Some first superficial comments inline.

The basic method proposed here is to sample from binned distributions using inverse CDF, i.e. draw from the npred histogram. That's fine, at least as a first step, Gammapy at the moment is a binned analysis framework and probably other methods aren't within reach at the moment.

But there should be a section (either at the start in an "introduction" or under "alternatives") mentioning that the existing gamma-ray codes that have event samplers do it differently. I don't know much about how the Fermi ST and ctools work, but I do remember that in Gammalib one had to write an mc method for every new model to support event sampling. You can see here an example with an analytical way to sample and here an example where no analytical sampling method exists, and a rejection sampling method is used.

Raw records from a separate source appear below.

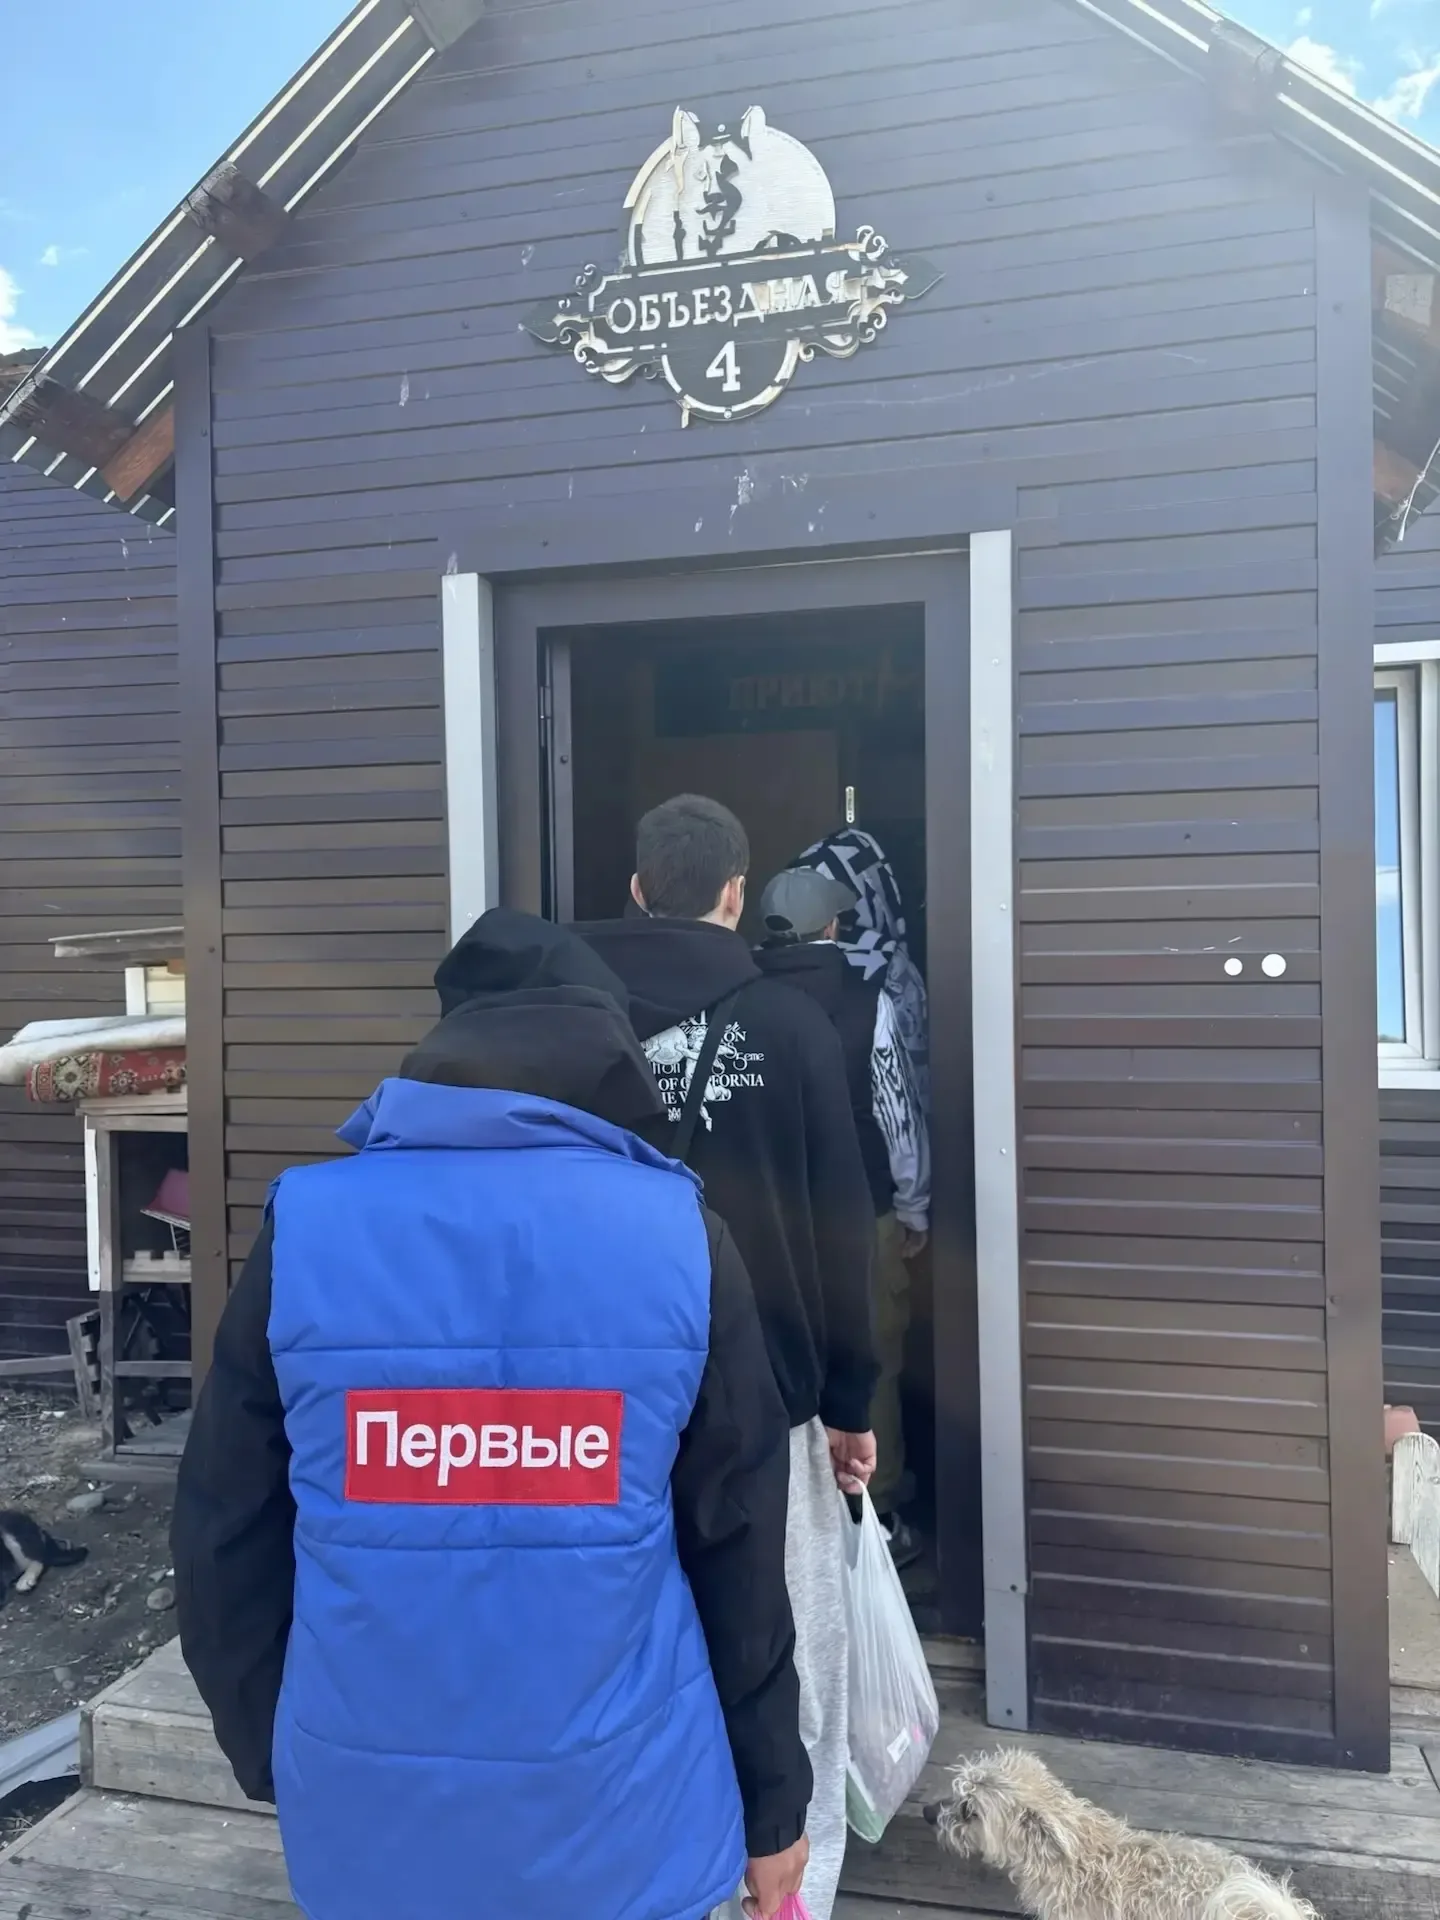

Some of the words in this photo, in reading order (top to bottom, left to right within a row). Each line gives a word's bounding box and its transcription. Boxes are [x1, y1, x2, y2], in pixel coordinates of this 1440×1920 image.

[607, 269, 849, 334] ОБЪЕЗДНАЯ
[705, 340, 741, 392] 4
[728, 673, 865, 711] ПРИЮТ
[657, 1077, 679, 1092] OF
[355, 1410, 610, 1487] Первые
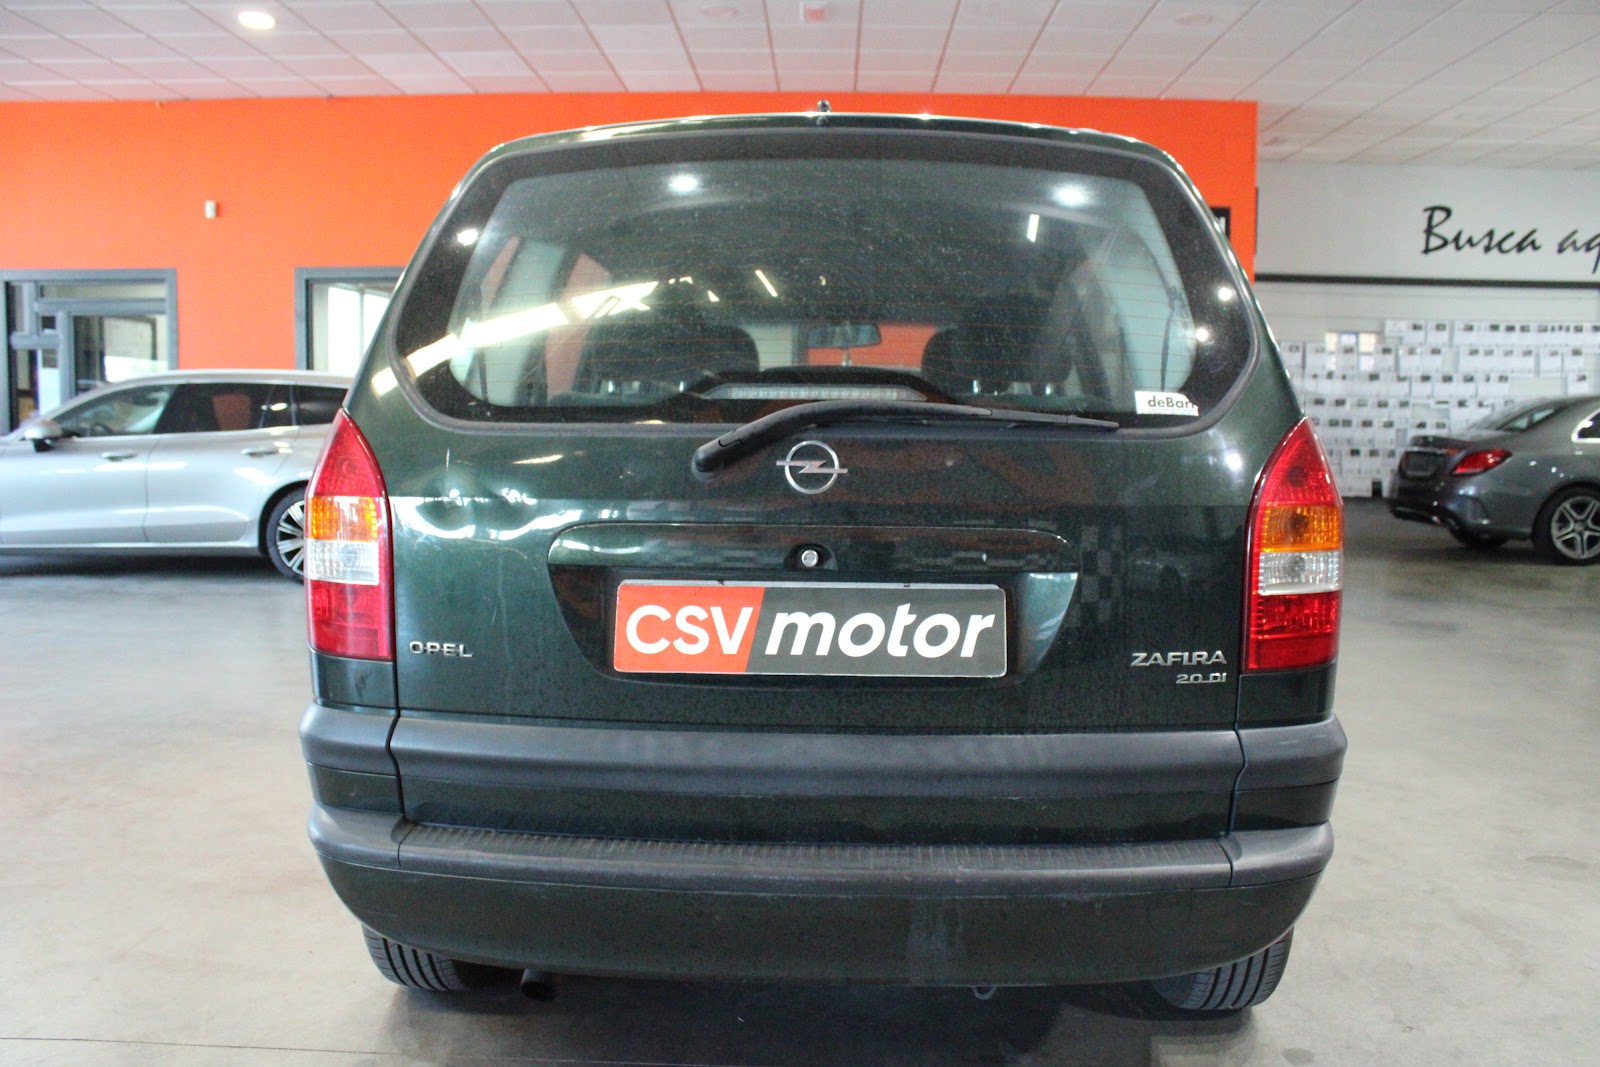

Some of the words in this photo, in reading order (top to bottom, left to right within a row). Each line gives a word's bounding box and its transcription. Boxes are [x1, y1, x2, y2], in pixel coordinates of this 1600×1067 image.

[1422, 205, 1541, 255] Busca
[626, 604, 753, 655] CSV
[764, 603, 995, 658] motor
[409, 640, 473, 658] OPEL
[1131, 650, 1227, 666] ZAFIRA
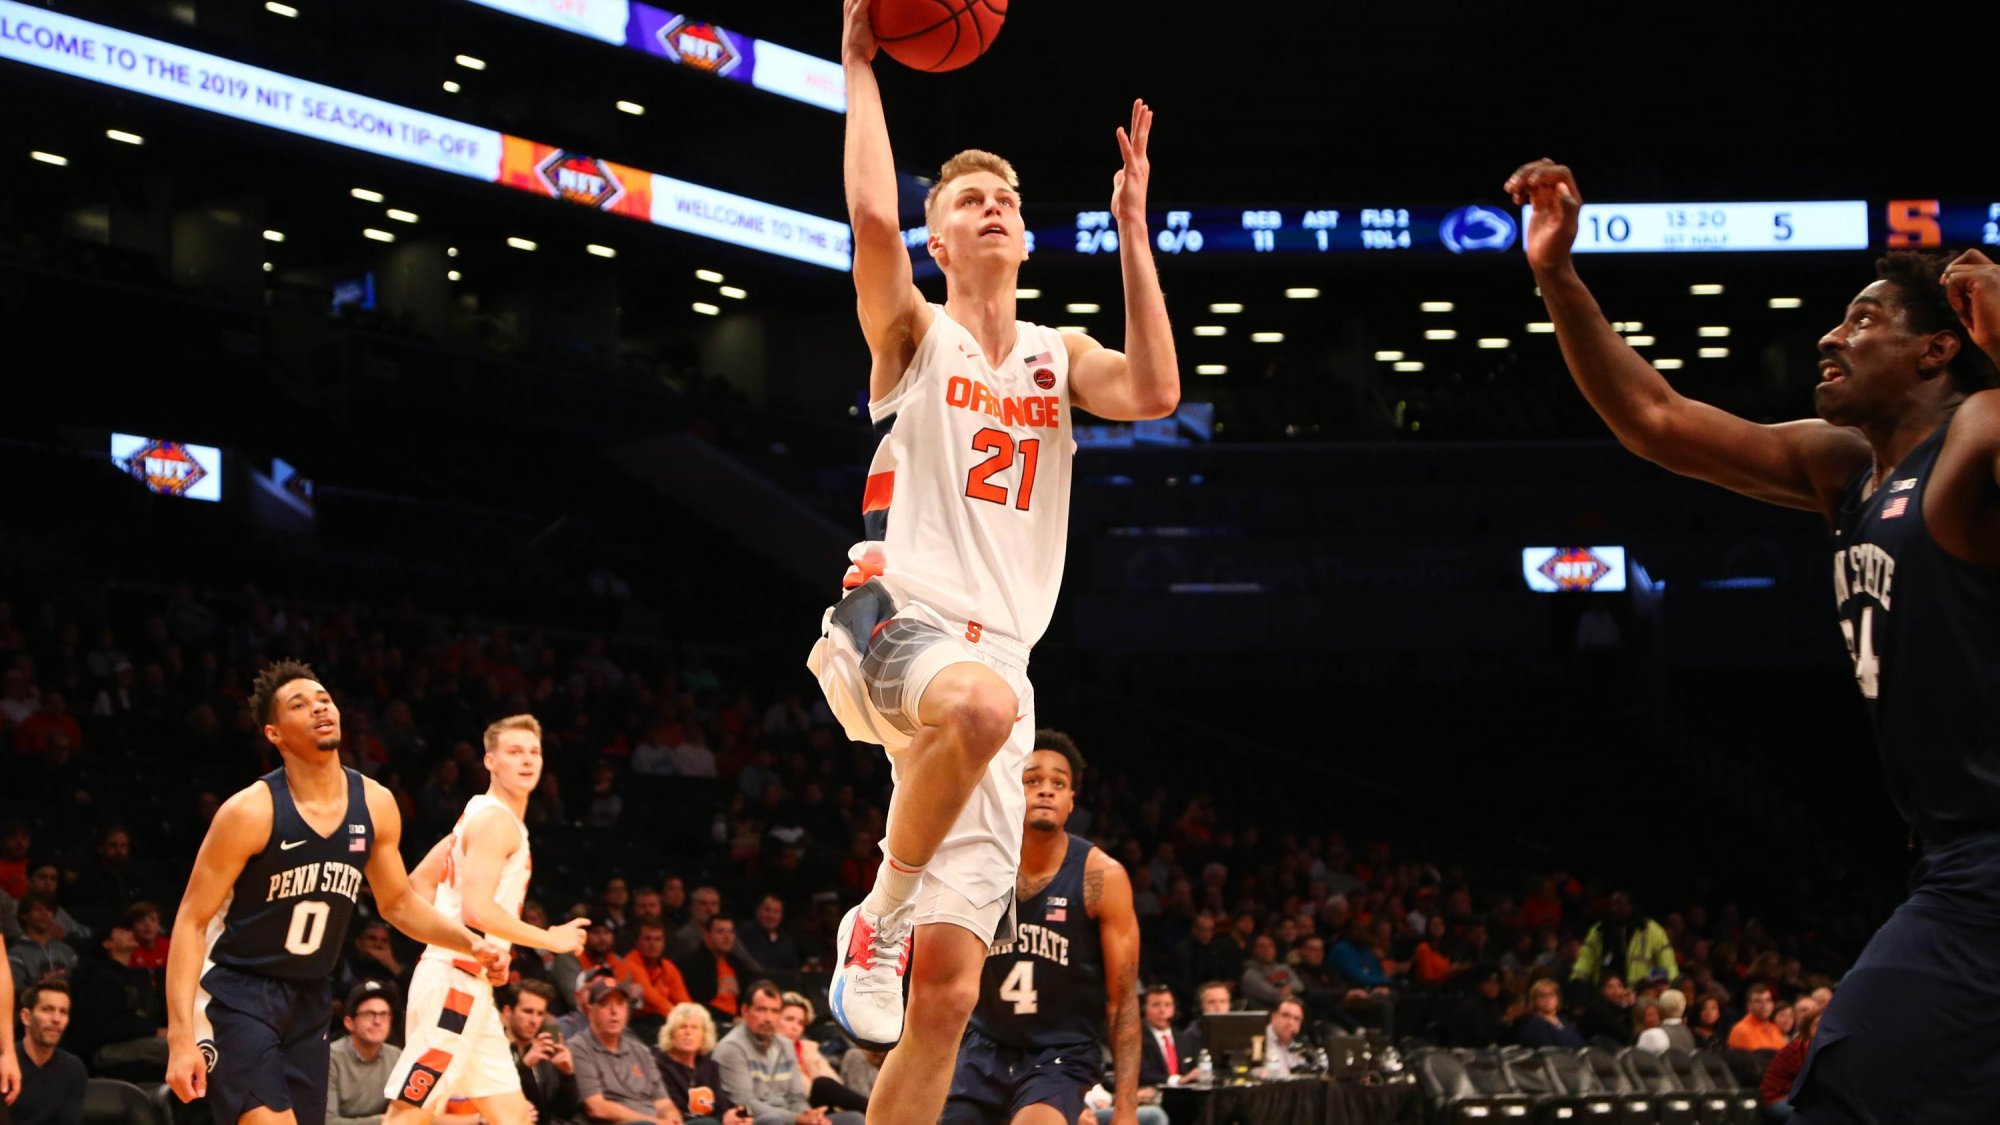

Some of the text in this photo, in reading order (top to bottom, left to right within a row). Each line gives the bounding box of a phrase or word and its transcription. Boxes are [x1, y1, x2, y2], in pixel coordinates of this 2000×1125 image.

[0, 16, 479, 159] LCOME TO THE 2019 NIT SEASON TIP-OFF
[673, 194, 765, 233] WELCOME
[771, 218, 793, 240] TO
[798, 225, 827, 249] THE
[1157, 228, 1203, 254] 0/0
[1252, 229, 1274, 252] 11
[1316, 229, 1328, 251] 1
[1302, 210, 1339, 230] AST
[1589, 214, 1630, 243] 10
[1774, 212, 1793, 241] 5
[1888, 199, 1940, 248] S
[965, 427, 1040, 511] 21
[1553, 561, 1597, 580] NIT
[1849, 542, 1896, 611] STATE
[965, 620, 983, 643] S
[266, 861, 363, 904] PENN STATE
[284, 900, 331, 956] 0
[1018, 923, 1069, 966] STATE
[1000, 960, 1038, 1015] 4
[404, 1069, 435, 1101] S

Please start by adding a section with a bit of information, and then we'll try to gather information how others do event sampling - e.g. I'm sure there are HEP papers as well where they describe how they sample events, e.g. UNURAN was added in ROOT for a reason.

Most likely we will for now stick with the method you propose here. Other methods are much more work to implement (requiring a "sample" method on every model), and there's the technical difficulty that with Numpy really only inverse CDF sampling can be done efficiently, because e.g. for rejection sampling (I think) you'd need a Python for loop which is super slow. But these things might come in Gammapy in the future, e.g. with Numba it's possible to implement quite easily.

My point is: this PIG should contain a bit more information why we chose the binned distribution sampling method, and why for now we didn't implement the well-established solution in gamma-ray astronomy, i.e. what Fermi ST and ctools do.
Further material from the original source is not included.